TO DO -
Please transcribe the records precisely; pictures stay out of your copy.

DATA TO EXAMINE -
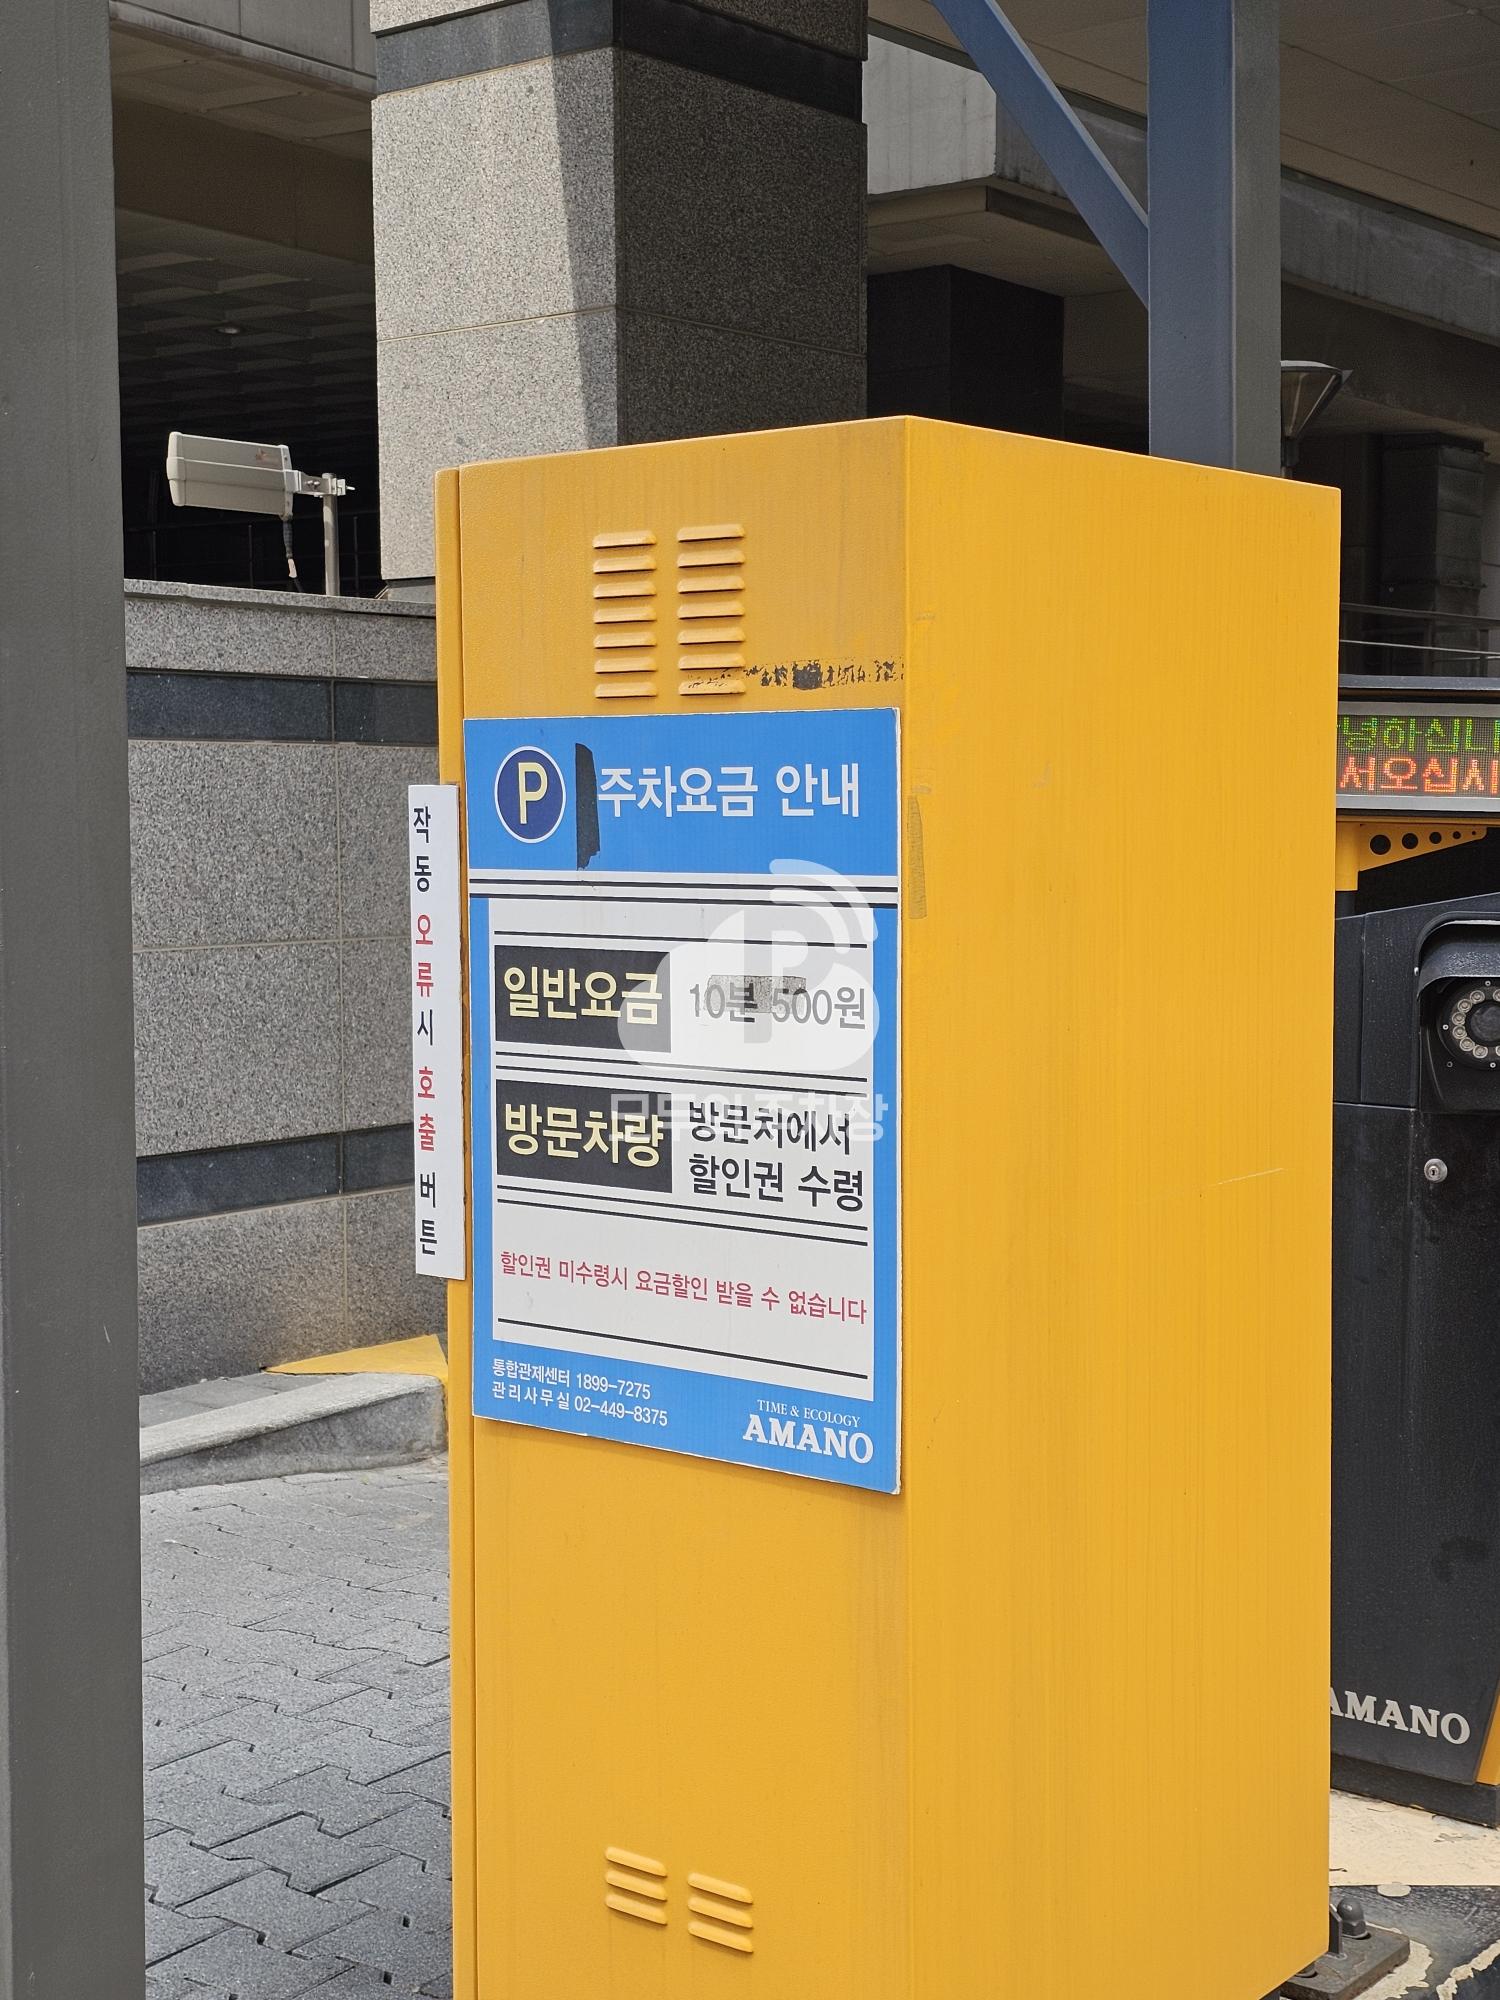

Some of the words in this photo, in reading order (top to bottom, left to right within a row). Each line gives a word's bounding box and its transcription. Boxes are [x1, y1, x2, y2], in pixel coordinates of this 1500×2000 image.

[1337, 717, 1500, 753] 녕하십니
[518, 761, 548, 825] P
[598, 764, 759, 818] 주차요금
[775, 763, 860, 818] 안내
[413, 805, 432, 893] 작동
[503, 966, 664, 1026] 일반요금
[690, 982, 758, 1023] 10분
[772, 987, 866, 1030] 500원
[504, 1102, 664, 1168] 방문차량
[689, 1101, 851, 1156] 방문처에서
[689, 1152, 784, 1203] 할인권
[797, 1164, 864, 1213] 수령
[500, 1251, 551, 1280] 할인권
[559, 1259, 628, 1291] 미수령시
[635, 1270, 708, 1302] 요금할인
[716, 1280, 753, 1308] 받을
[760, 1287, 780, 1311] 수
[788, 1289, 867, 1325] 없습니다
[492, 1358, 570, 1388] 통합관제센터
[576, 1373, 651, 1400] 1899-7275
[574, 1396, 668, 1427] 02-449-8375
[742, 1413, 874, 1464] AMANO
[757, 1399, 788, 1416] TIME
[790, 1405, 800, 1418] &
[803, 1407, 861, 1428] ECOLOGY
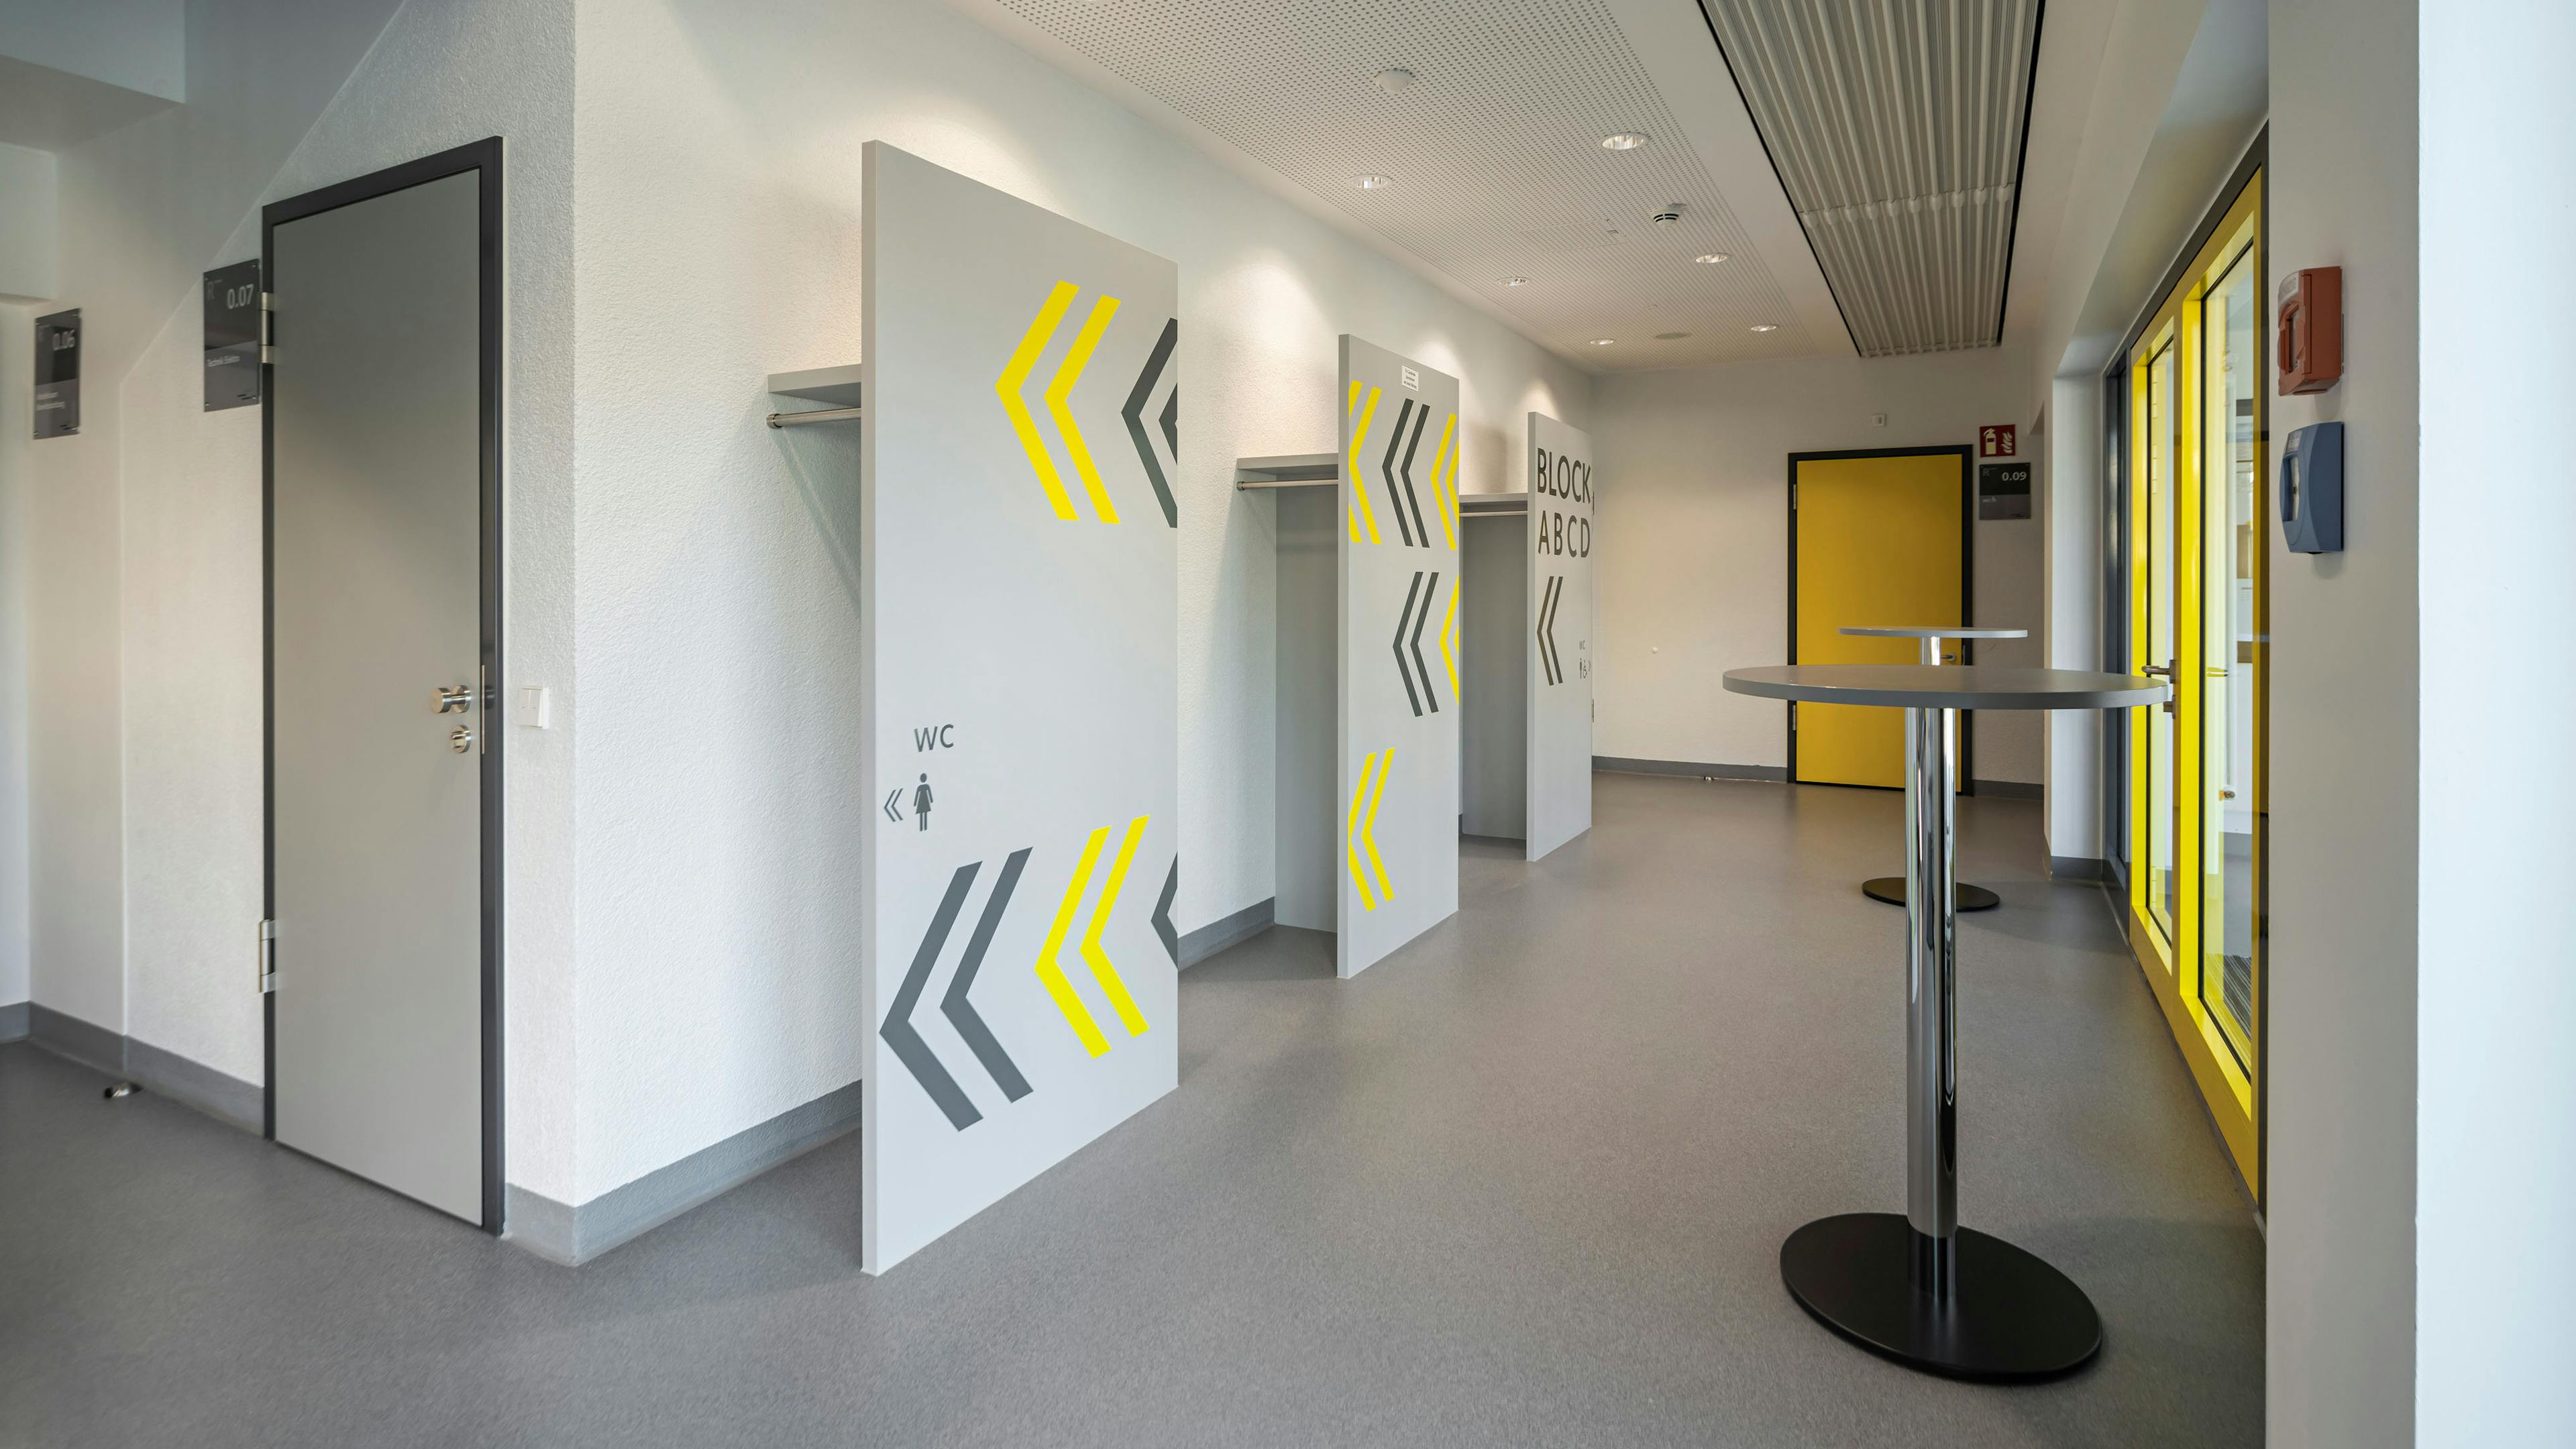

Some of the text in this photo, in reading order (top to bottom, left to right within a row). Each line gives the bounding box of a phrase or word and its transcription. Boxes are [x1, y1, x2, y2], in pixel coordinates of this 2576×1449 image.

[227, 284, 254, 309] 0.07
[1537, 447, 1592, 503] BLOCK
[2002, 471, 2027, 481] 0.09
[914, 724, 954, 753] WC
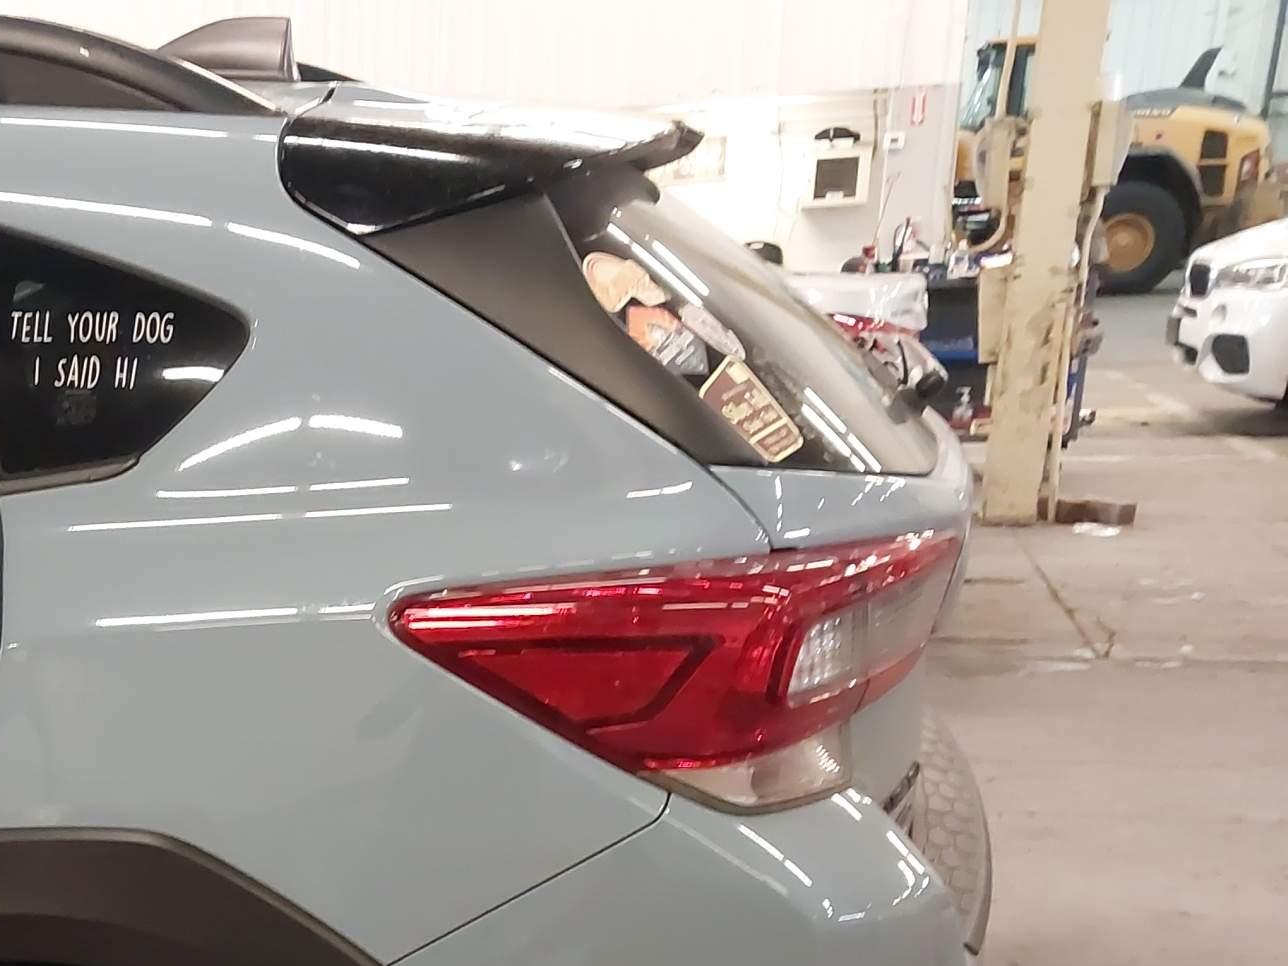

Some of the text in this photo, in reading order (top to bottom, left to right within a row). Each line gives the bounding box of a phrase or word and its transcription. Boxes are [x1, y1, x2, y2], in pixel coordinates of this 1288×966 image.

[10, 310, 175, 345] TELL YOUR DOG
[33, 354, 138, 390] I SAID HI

EXERCISE SOLUTION -
Some of the words in this photo, in reading order (top to bottom, left to right within a row). Each line gives a word's bounding box and its transcription. Boxes are [x1, y1, x2, y2], in pixel coordinates of this 1500×2000 image.

[1337, 717, 1500, 753] 녕하십니
[518, 761, 548, 825] P
[598, 764, 759, 818] 주차요금
[775, 763, 860, 818] 안내
[413, 805, 432, 893] 작동
[503, 966, 664, 1026] 일반요금
[690, 982, 758, 1023] 10분
[772, 987, 866, 1030] 500원
[504, 1102, 664, 1168] 방문차량
[689, 1101, 851, 1156] 방문처에서
[689, 1152, 784, 1203] 할인권
[797, 1164, 864, 1213] 수령
[500, 1251, 551, 1280] 할인권
[559, 1259, 628, 1291] 미수령시
[635, 1270, 708, 1302] 요금할인
[716, 1280, 753, 1308] 받을
[760, 1287, 780, 1311] 수
[788, 1289, 867, 1325] 없습니다
[492, 1358, 570, 1388] 통합관제센터
[576, 1373, 651, 1400] 1899-7275
[574, 1396, 668, 1427] 02-449-8375
[742, 1413, 874, 1464] AMANO
[757, 1399, 788, 1416] TIME
[790, 1405, 800, 1418] &
[803, 1407, 861, 1428] ECOLOGY

Some of the text in this photo, in reading order (top to bottom, left to right within a row). Each line gives the bounding box of a phrase or word and its transcription. Boxes are [x1, y1, x2, y2], in pixel coordinates of this 2576×1449 image.

[227, 284, 254, 309] 0.07
[1537, 447, 1592, 503] BLOCK
[2002, 471, 2027, 481] 0.09
[914, 724, 954, 753] WC

Some of the text in this photo, in reading order (top to bottom, left to right within a row). Each line gives the bounding box of a phrase or word and its transcription. Boxes are [x1, y1, x2, y2], in pixel coordinates of this 1288×966 image.

[10, 310, 175, 345] TELL YOUR DOG
[33, 354, 138, 390] I SAID HI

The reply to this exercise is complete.